信託銀行を活用するために知っておきたいこれだけのこと

信託銀行が扱っている商品

信託銀行といえば、普通の銀行に比べて一般の人にはなじみが薄く、口座を持っている人も少ないです。では、信託銀行とはどのような銀行なのでしょうか。

信託銀行は「金融機関の信託業務の兼営等に関する法律」によって認可を受けた銀行で、通常の銀行業務のほか信託業務を行っていて、こちらがメインの業務になります。信託業務とは、他の人の財産を自己名義で預かって、それを本来の自分の財産とは分別して管理するという業務です。この業務で信託される財産としては、現金・土地や建物といった不動産・株式や債券などの証券・遺言などがあります。

信託された財産によって、それぞれに「不動産信託」「証券投資信託」など、対応する金融商品が変わってきます。ただ、信託された財産の運用で得た利益は、委託者に渡されます。信託銀行は資産家が自分の資産を増やすために、投資先を選び、利益の上げられる投資商品を購入する、その購入や管理を任せる(=信託)するのが、信託銀行と言うわけです。

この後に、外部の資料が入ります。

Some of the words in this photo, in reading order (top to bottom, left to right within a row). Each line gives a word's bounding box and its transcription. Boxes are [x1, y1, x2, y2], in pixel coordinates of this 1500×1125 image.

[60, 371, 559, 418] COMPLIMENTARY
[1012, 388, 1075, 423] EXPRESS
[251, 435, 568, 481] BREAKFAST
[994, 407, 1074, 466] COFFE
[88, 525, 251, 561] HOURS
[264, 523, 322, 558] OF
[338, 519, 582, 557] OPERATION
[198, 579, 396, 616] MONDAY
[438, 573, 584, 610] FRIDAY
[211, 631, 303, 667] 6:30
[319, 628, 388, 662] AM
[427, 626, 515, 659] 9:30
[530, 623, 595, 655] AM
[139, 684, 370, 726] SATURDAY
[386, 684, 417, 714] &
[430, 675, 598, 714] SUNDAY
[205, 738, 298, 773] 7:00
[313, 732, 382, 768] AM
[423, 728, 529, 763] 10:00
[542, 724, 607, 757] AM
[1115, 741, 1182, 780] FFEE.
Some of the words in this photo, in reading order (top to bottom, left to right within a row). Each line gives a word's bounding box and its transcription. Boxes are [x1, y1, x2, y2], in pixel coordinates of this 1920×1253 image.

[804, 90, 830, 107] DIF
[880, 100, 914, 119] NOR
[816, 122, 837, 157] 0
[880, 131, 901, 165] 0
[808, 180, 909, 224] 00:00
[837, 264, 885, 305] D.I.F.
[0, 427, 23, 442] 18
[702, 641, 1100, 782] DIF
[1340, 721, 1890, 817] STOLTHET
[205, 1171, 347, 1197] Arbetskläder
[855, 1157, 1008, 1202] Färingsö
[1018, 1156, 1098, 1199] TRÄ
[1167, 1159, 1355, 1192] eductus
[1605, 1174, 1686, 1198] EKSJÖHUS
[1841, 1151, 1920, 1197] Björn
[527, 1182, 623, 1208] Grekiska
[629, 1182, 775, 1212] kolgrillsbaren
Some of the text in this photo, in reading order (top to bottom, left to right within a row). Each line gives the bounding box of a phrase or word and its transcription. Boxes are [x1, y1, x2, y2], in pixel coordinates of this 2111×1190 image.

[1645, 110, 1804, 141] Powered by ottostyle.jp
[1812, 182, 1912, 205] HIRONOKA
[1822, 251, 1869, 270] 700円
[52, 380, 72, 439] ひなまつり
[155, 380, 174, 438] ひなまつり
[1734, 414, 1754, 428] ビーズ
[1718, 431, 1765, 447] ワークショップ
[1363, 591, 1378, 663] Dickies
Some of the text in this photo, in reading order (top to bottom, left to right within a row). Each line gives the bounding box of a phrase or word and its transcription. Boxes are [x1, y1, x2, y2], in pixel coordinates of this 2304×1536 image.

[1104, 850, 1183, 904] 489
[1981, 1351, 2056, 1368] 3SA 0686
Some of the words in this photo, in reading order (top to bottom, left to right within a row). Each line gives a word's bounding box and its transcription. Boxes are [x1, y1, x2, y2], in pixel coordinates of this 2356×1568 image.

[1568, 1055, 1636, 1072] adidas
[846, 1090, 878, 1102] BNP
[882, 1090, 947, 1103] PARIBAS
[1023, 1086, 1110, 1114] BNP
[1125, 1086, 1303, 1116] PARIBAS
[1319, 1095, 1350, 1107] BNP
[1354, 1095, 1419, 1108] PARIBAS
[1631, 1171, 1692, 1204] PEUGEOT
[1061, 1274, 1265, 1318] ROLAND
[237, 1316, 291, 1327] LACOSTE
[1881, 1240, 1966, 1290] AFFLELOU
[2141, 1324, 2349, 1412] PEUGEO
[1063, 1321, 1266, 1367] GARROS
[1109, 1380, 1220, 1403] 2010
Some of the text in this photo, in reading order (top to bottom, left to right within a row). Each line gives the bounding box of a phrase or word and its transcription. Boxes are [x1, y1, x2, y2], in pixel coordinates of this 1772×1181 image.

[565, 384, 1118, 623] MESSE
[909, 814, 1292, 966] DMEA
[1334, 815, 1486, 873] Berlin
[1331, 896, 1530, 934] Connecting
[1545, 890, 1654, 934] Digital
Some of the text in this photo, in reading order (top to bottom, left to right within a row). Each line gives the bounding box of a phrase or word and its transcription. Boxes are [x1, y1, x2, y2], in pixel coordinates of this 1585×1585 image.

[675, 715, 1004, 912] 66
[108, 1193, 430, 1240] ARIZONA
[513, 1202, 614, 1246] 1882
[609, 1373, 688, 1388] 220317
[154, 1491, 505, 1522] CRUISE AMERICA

信託銀行は投資家だけが利用しているわけではありません。一般の人になじみがあるものとしては、企業年金があります。企業年金では、運営する厚生年金基金や企業年金基金が、信託銀行と年金信託の契約を結んでいます。そして、傘下企業の従業員から集められた掛金は信託銀行に預けられて運用されます。年金が支払われるときは、信託銀行から年金基金を経由して支払われます。その他、不動産仲介や株式名簿管理人の業務も行っています。